» **Exercise instructions**
Return the data below exactly, minus the pictures.

Data items

== Segment start ==

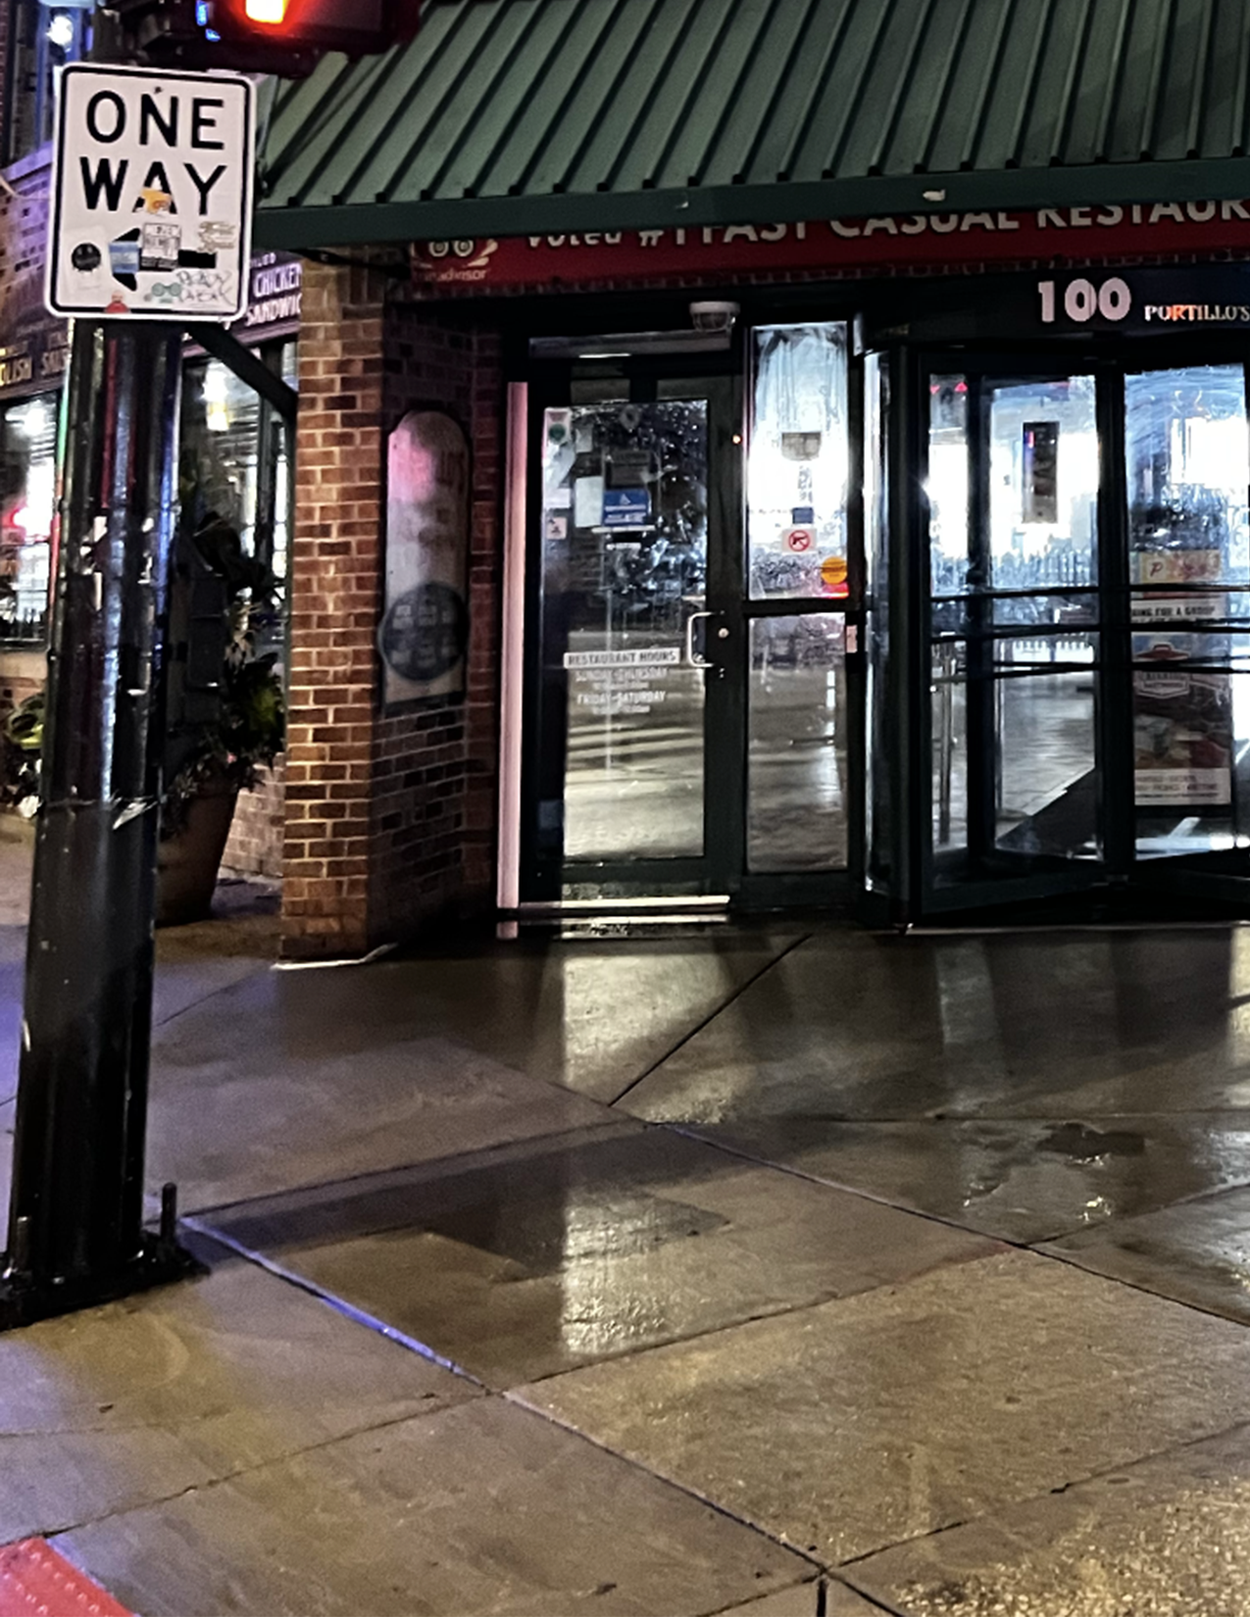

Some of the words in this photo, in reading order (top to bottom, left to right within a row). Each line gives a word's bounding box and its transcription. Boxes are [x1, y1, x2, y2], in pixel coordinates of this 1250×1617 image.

[86, 90, 224, 150] ONE
[80, 156, 227, 216] WAY
[1038, 277, 1132, 323] 100
[1144, 304, 1250, 322] PORTILLO'S
[568, 653, 637, 666] RESTAURANT
[639, 649, 677, 663] HOURS
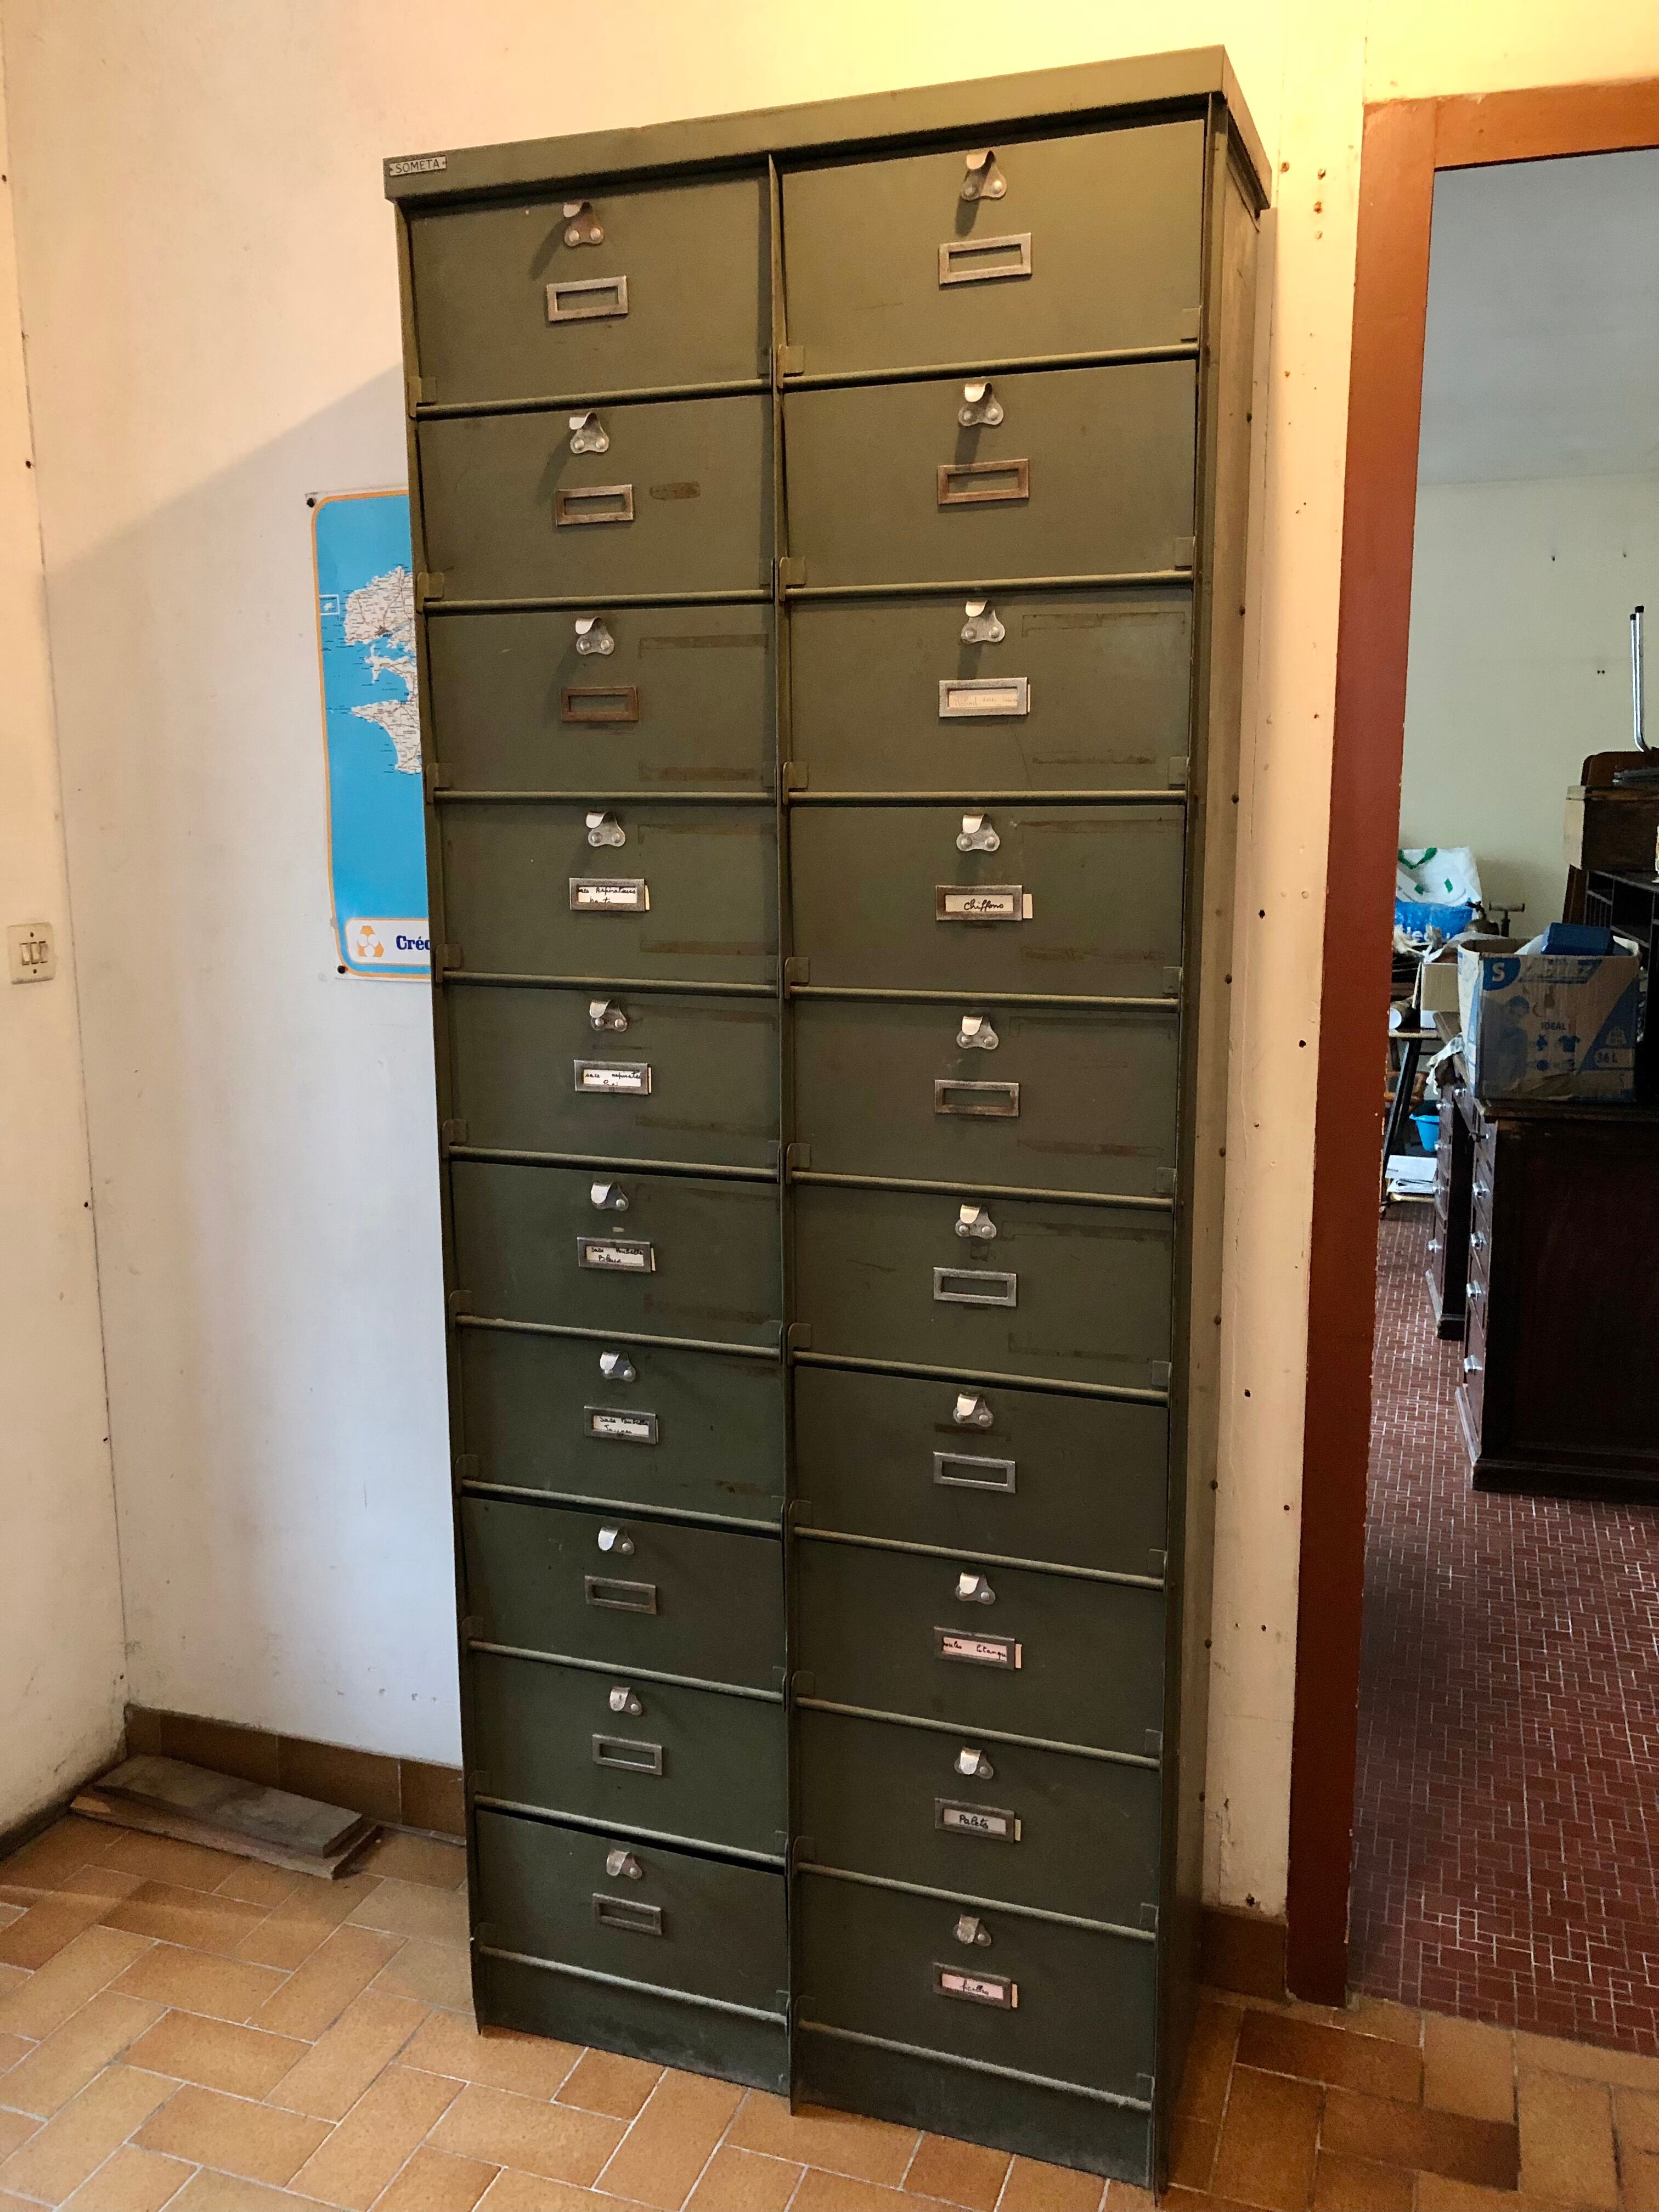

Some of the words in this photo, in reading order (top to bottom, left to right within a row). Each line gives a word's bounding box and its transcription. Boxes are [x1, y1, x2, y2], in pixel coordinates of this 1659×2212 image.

[396, 159, 440, 173] SOMETA
[963, 898, 1005, 912] Chiffons
[1491, 962, 1505, 982] S

== Segment end ==

» **Answer below**
Some of the words in this photo, in reading order (top to bottom, left to right within a row). Each line gives a word's bounding box and its transcription. Boxes are [x1, y1, x2, y2], in pixel coordinates of this 1250×1617 image.

[86, 90, 224, 150] ONE
[80, 156, 227, 216] WAY
[1038, 277, 1132, 323] 100
[1144, 304, 1250, 322] PORTILLO'S
[568, 653, 637, 666] RESTAURANT
[639, 649, 677, 663] HOURS

Some of the words in this photo, in reading order (top to bottom, left to right within a row). Each line gives a word's bounding box and its transcription. Boxes are [x1, y1, x2, y2], in pixel coordinates of this 1659×2212 image.

[396, 159, 440, 173] SOMETA
[963, 898, 1005, 912] Chiffons
[1491, 962, 1505, 982] S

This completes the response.